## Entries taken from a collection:
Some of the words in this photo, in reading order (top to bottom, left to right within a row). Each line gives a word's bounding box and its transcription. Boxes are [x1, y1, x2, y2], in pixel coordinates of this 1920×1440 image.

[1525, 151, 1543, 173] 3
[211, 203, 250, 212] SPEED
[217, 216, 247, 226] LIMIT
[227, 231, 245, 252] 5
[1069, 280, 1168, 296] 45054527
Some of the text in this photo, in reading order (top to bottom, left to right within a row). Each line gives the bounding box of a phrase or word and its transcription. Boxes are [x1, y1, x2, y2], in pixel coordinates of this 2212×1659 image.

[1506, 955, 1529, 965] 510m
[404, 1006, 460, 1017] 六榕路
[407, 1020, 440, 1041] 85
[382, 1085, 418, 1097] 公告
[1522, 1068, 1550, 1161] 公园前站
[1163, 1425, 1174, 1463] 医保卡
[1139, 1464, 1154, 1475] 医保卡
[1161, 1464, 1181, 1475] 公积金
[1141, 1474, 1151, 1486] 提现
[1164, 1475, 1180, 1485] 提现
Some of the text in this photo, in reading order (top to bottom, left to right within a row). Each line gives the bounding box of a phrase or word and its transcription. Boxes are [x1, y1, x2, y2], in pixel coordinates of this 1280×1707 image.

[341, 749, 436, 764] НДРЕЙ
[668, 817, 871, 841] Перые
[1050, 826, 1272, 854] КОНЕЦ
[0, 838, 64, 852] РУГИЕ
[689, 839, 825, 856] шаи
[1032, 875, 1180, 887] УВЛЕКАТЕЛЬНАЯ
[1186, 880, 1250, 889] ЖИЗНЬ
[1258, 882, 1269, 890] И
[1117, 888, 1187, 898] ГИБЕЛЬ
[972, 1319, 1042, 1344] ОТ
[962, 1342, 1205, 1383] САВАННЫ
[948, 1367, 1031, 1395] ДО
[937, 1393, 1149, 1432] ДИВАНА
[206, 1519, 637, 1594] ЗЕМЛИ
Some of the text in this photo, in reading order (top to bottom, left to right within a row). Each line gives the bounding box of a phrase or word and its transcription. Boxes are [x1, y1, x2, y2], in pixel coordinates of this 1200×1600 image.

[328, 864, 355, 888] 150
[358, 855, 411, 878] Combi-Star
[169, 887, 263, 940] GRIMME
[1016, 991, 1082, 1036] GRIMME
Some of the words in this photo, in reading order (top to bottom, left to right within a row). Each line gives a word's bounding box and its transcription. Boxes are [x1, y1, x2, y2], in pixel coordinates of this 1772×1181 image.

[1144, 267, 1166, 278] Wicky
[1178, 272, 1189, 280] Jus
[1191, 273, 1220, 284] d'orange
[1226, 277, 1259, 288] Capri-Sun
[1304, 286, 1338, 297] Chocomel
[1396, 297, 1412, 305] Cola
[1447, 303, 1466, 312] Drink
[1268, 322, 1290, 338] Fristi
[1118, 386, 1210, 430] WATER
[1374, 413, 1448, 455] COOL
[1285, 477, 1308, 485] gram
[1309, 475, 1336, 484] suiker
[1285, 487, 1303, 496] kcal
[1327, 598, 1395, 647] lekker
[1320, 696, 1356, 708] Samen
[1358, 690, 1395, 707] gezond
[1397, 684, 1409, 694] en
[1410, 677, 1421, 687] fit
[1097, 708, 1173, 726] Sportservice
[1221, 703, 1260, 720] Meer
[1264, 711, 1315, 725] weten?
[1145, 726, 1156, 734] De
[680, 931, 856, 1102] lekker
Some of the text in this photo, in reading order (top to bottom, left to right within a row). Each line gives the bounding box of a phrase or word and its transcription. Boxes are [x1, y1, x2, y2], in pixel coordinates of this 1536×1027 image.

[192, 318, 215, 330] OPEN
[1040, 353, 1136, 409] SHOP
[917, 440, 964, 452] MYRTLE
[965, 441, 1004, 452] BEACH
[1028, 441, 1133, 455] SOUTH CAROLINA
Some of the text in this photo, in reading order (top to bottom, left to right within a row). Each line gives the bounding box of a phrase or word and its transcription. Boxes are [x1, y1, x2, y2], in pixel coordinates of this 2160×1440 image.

## TASK DIRECTIONS:
Every entry needs to be copied again, word for word.

## EXERCISE OUTPUT:
Some of the words in this photo, in reading order (top to bottom, left to right within a row). Each line gives a word's bounding box and its transcription. Boxes are [x1, y1, x2, y2], in pixel coordinates of this 1920×1440 image.

[1525, 151, 1543, 173] 3
[211, 203, 250, 212] SPEED
[217, 216, 247, 226] LIMIT
[227, 231, 245, 252] 5
[1069, 280, 1168, 296] 45054527
Some of the text in this photo, in reading order (top to bottom, left to right within a row). Each line gives the bounding box of a phrase or word and its transcription. Boxes are [x1, y1, x2, y2], in pixel coordinates of this 2212×1659 image.

[1506, 955, 1529, 965] 510m
[404, 1006, 460, 1017] 六榕路
[407, 1020, 440, 1041] 85
[382, 1085, 418, 1097] 公告
[1522, 1068, 1550, 1161] 公园前站
[1163, 1425, 1174, 1463] 医保卡
[1139, 1464, 1154, 1475] 医保卡
[1161, 1464, 1181, 1475] 公积金
[1141, 1474, 1151, 1486] 提现
[1164, 1475, 1180, 1485] 提现
Some of the text in this photo, in reading order (top to bottom, left to right within a row). Each line gives the bounding box of a phrase or word and its transcription. Boxes are [x1, y1, x2, y2], in pixel coordinates of this 1280×1707 image.

[341, 749, 436, 764] НДРЕЙ
[668, 817, 871, 841] Перые
[1050, 826, 1272, 854] КОНЕЦ
[0, 838, 64, 852] РУГИЕ
[689, 839, 825, 856] шаи
[1032, 875, 1180, 887] УВЛЕКАТЕЛЬНАЯ
[1186, 880, 1250, 889] ЖИЗНЬ
[1258, 882, 1269, 890] И
[1117, 888, 1187, 898] ГИБЕЛЬ
[972, 1319, 1042, 1344] ОТ
[962, 1342, 1205, 1383] САВАННЫ
[948, 1367, 1031, 1395] ДО
[937, 1393, 1149, 1432] ДИВАНА
[206, 1519, 637, 1594] ЗЕМЛИ
Some of the text in this photo, in reading order (top to bottom, left to right within a row). Each line gives the bounding box of a phrase or word and its transcription. Boxes are [x1, y1, x2, y2], in pixel coordinates of this 1200×1600 image.

[328, 864, 355, 888] 150
[358, 855, 411, 878] Combi-Star
[169, 887, 263, 940] GRIMME
[1016, 991, 1082, 1036] GRIMME
Some of the words in this photo, in reading order (top to bottom, left to right within a row). Each line gives a word's bounding box and its transcription. Boxes are [x1, y1, x2, y2], in pixel coordinates of this 1772×1181 image.

[1144, 267, 1166, 278] Wicky
[1178, 272, 1189, 280] Jus
[1191, 273, 1220, 284] d'orange
[1226, 277, 1259, 288] Capri-Sun
[1304, 286, 1338, 297] Chocomel
[1396, 297, 1412, 305] Cola
[1447, 303, 1466, 312] Drink
[1268, 322, 1290, 338] Fristi
[1118, 386, 1210, 430] WATER
[1374, 413, 1448, 455] COOL
[1285, 477, 1308, 485] gram
[1309, 475, 1336, 484] suiker
[1285, 487, 1303, 496] kcal
[1327, 598, 1395, 647] lekker
[1320, 696, 1356, 708] Samen
[1358, 690, 1395, 707] gezond
[1397, 684, 1409, 694] en
[1410, 677, 1421, 687] fit
[1097, 708, 1173, 726] Sportservice
[1221, 703, 1260, 720] Meer
[1264, 711, 1315, 725] weten?
[1145, 726, 1156, 734] De
[680, 931, 856, 1102] lekker
Some of the text in this photo, in reading order (top to bottom, left to right within a row). Each line gives the bounding box of a phrase or word and its transcription. Boxes are [x1, y1, x2, y2], in pixel coordinates of this 1536×1027 image.

[192, 318, 215, 330] OPEN
[1040, 353, 1136, 409] SHOP
[917, 440, 964, 452] MYRTLE
[965, 441, 1004, 452] BEACH
[1028, 441, 1133, 455] SOUTH CAROLINA
Some of the text in this photo, in reading order (top to bottom, left to right within a row). Each line gives the bounding box of a phrase or word and its transcription. Boxes are [x1, y1, x2, y2], in pixel coordinates of this 2160×1440 image.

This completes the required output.